Feature Article: August 2020 – Commentary on the Use of Supplements

Commentary on the Use of Supplements

Isabela M. B. David, M.D.

Although the scientific world claims for scientific articles, from a practical point of view there is nothing more relevant than clinical experience, that is, one which is acquired along years of work with patients. As a clinical nutrition practitioner, nutritional recommendations and dietary supplements are the basis of every prescribed treatment protocol. Regarding the use of supplements, in particular, I am very emphatic when I say: “You may live happy without them, but to overcome the inherent evolutionary-derived limitations introduced into the construction of the human body, most likely you need some”.

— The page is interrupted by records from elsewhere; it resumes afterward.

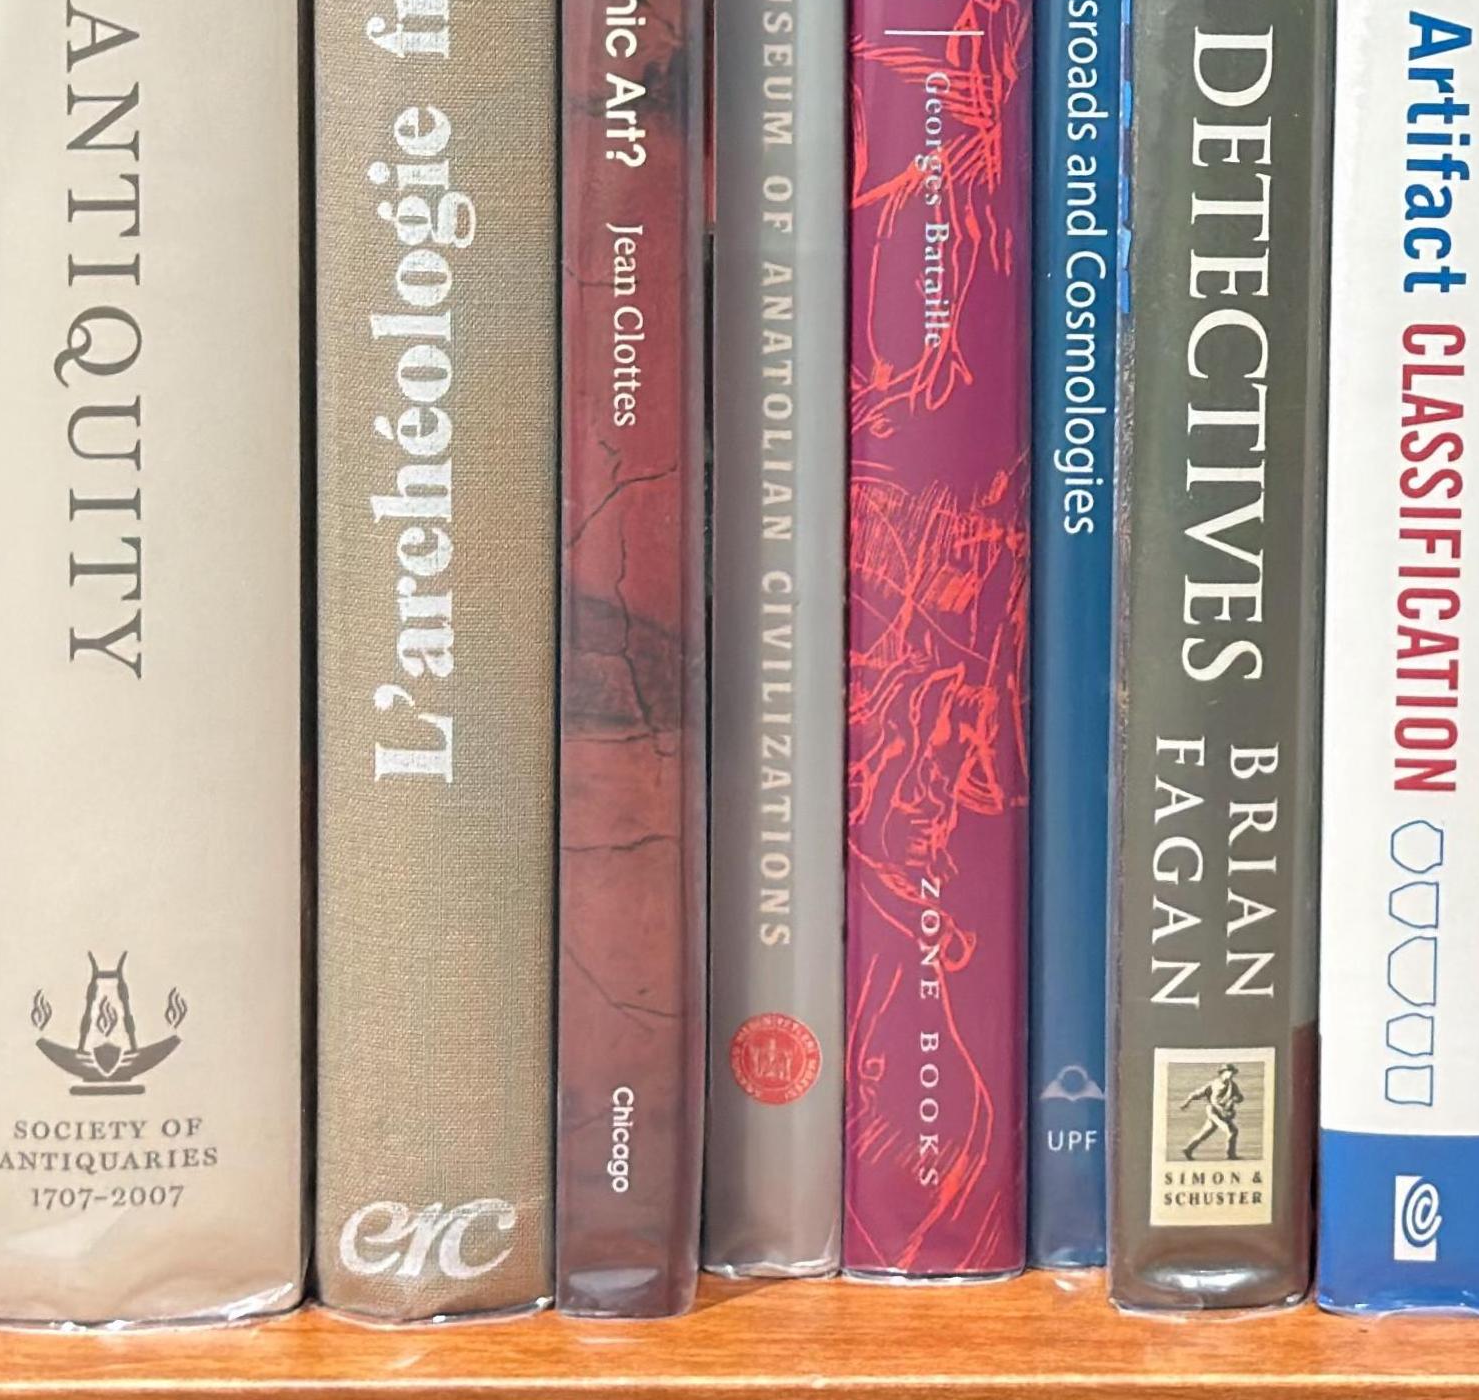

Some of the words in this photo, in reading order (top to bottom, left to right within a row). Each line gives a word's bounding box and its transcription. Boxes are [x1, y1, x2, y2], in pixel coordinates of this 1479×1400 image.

[606, 72, 646, 169] Art?
[914, 71, 951, 207] Georges
[1402, 10, 1472, 293] Artifact
[763, 176, 792, 234] OF
[1067, 149, 1107, 237] and
[606, 223, 644, 295] Jean
[924, 221, 951, 348] Bataille
[52, 0, 142, 679] ANTIQUITY
[613, 308, 644, 427] Clottes
[762, 262, 793, 541] ANATOLIAN
[1055, 252, 1106, 535] Cosmologies
[1182, 24, 1274, 682] DETECTIVES
[367, 105, 476, 783] L'archéologie
[1393, 322, 1467, 792] CLASSIFICATION
[759, 572, 792, 946] CIVILIZATIONS
[1151, 737, 1205, 1009] FAGAN
[1225, 745, 1279, 998] BRIAN
[919, 878, 939, 999] ZONE
[13, 1117, 147, 1142] SOCIETY
[161, 1116, 203, 1137] OF
[607, 1086, 633, 1193] Chicago
[919, 1032, 939, 1188] BOOKS
[1047, 1130, 1098, 1151] UPF
[1163, 1190, 1262, 1205] SCHUSTER
[1165, 1171, 1241, 1184] SIMON
[1251, 1170, 1262, 1183] &
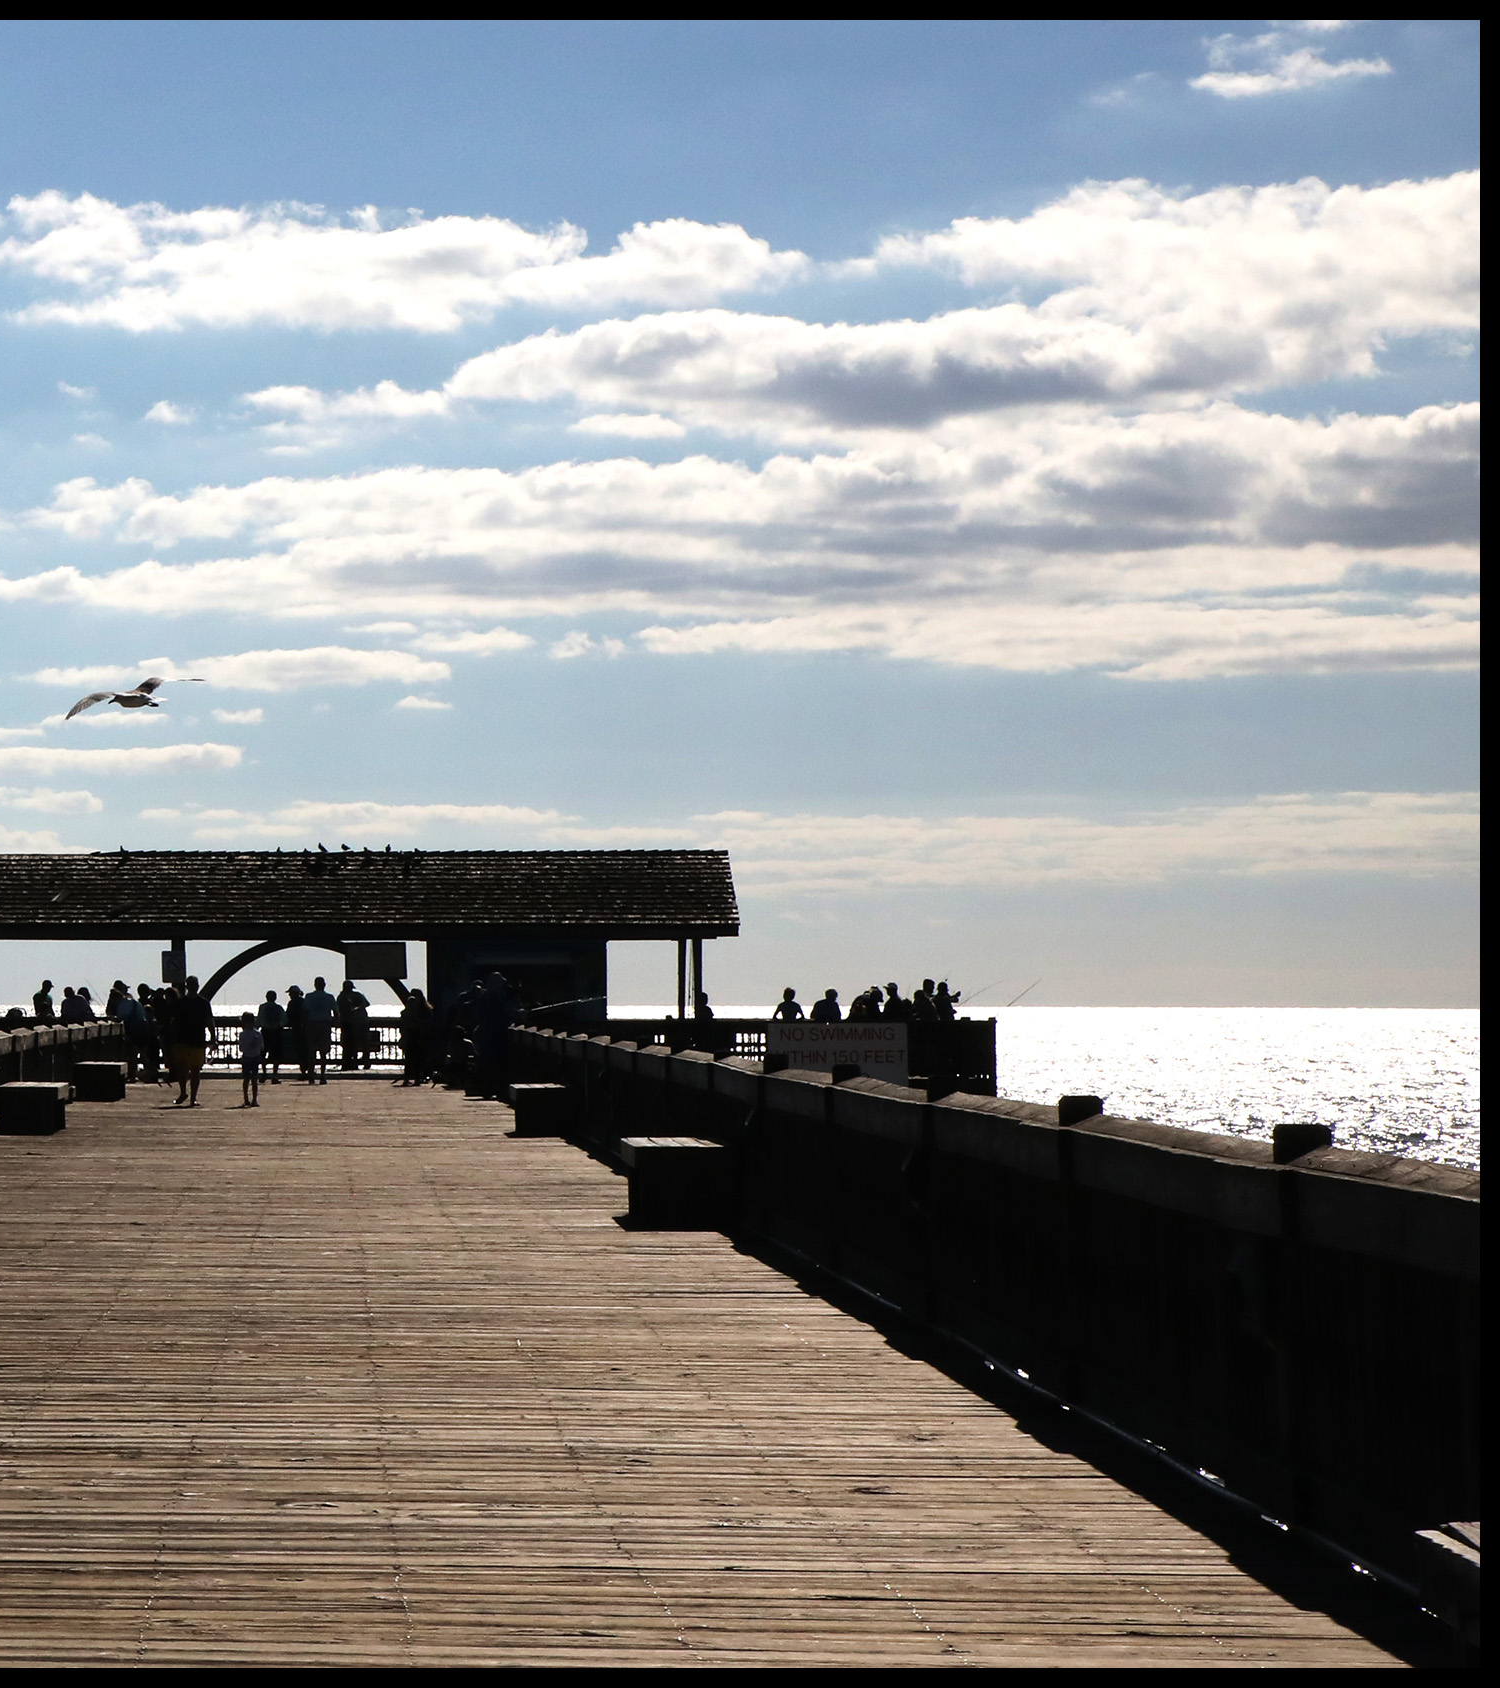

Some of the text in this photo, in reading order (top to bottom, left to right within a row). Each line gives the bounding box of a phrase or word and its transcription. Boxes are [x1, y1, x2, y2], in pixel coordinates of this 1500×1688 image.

[780, 1027, 896, 1041] NO SWIMMING
[768, 1050, 906, 1064] THIN 150 FEET
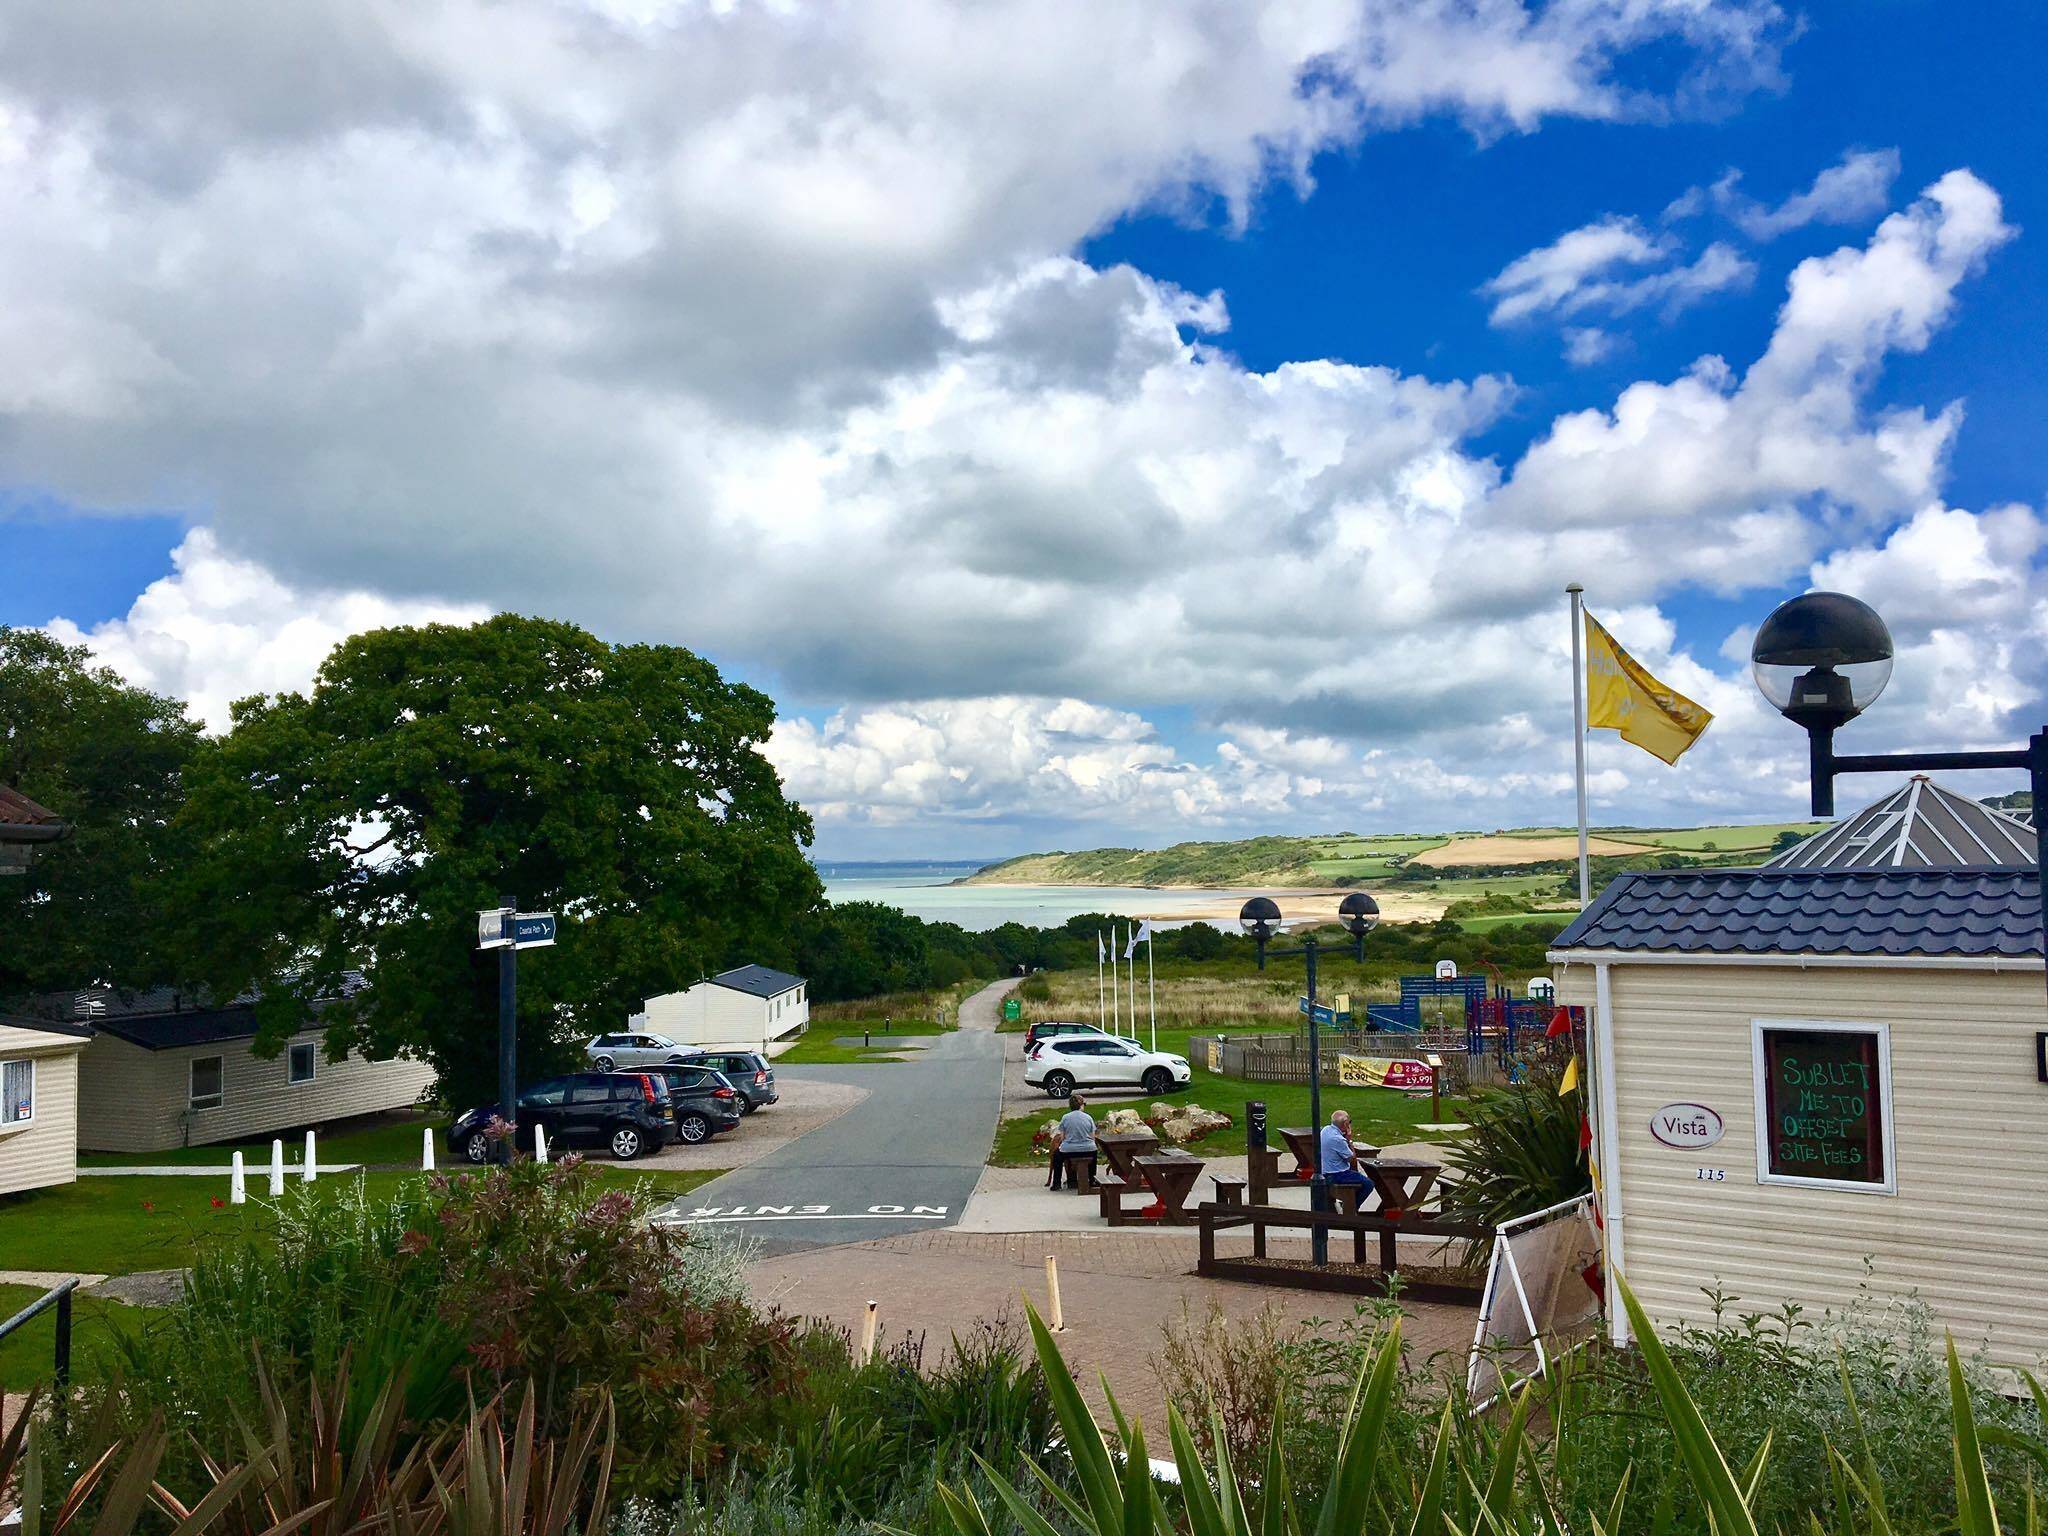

This conclusion has built itself up over a period of around fourteen years of work, since I started to understand the process of ageing as accumulation of molecular damage. It happened in 2005 when I came across an article by Paolo Giacomoni who was, at that time, the Executive Director of Clinique Laboratories, Melville, NY, USA. In his article, Ageing, science and the cosmetic industry [1], the molecular damage was associated mostly with inflammation, which is closely related to the ageing skin, his main topic of research. However, with a broader view on the process of ageing, we may also consider other biochemical processes, such as oxidation, glycation, sub- methylation and acidification, all of which are somehow linked in the functioning of our body. Therefore, at that time, I came up with a reasonable questioning: “If we know the damage that tends to accumulate as time passes by and if this damage can be measured and quantified [1], what can we do?” The answer seemed obvious: “Let’s control the damage closely”. Then I started to offer my patients a very straightforward approach which I call age management, that is, some parameters of damage are measured on a regular basis. Based on my own experience, that was established to be at every four months.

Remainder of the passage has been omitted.